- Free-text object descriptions
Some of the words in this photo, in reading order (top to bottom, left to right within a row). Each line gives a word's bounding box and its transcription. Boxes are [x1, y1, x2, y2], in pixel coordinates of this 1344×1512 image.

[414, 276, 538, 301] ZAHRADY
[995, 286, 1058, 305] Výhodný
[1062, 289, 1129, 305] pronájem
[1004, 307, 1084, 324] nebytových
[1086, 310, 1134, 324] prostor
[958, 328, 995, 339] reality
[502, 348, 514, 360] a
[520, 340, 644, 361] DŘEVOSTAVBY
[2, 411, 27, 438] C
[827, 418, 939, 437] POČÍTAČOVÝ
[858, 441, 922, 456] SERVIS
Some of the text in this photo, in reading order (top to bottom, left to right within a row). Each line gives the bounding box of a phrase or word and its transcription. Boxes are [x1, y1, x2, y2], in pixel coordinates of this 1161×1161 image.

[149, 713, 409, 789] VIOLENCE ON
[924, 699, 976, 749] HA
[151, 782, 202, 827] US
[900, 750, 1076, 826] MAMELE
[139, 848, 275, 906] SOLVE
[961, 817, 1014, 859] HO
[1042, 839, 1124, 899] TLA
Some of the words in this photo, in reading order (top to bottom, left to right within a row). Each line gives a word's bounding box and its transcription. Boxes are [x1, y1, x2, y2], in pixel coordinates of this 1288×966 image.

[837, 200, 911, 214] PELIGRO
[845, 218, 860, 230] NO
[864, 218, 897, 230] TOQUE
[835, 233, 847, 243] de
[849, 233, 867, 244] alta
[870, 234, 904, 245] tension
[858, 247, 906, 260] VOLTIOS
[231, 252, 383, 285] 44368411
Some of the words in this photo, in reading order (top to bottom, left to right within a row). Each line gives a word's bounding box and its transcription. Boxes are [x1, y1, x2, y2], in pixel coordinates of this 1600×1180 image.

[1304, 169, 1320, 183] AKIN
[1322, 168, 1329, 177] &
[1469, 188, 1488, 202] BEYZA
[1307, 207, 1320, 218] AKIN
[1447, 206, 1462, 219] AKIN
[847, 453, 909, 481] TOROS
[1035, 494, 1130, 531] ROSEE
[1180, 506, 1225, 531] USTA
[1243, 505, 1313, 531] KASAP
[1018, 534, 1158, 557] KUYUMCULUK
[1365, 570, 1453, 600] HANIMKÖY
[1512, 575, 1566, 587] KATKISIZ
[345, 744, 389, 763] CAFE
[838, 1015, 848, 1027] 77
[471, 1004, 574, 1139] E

- YOUR GOAL
Find the line that contains "this 1600×1180 image.". Copy it and every line after it to the end of the records, exactly, and nothing more.

- EXERCISE RESPONSE
Some of the words in this photo, in reading order (top to bottom, left to right within a row). Each line gives a word's bounding box and its transcription. Boxes are [x1, y1, x2, y2], in pixel coordinates of this 1600×1180 image.

[1304, 169, 1320, 183] AKIN
[1322, 168, 1329, 177] &
[1469, 188, 1488, 202] BEYZA
[1307, 207, 1320, 218] AKIN
[1447, 206, 1462, 219] AKIN
[847, 453, 909, 481] TOROS
[1035, 494, 1130, 531] ROSEE
[1180, 506, 1225, 531] USTA
[1243, 505, 1313, 531] KASAP
[1018, 534, 1158, 557] KUYUMCULUK
[1365, 570, 1453, 600] HANIMKÖY
[1512, 575, 1566, 587] KATKISIZ
[345, 744, 389, 763] CAFE
[838, 1015, 848, 1027] 77
[471, 1004, 574, 1139] E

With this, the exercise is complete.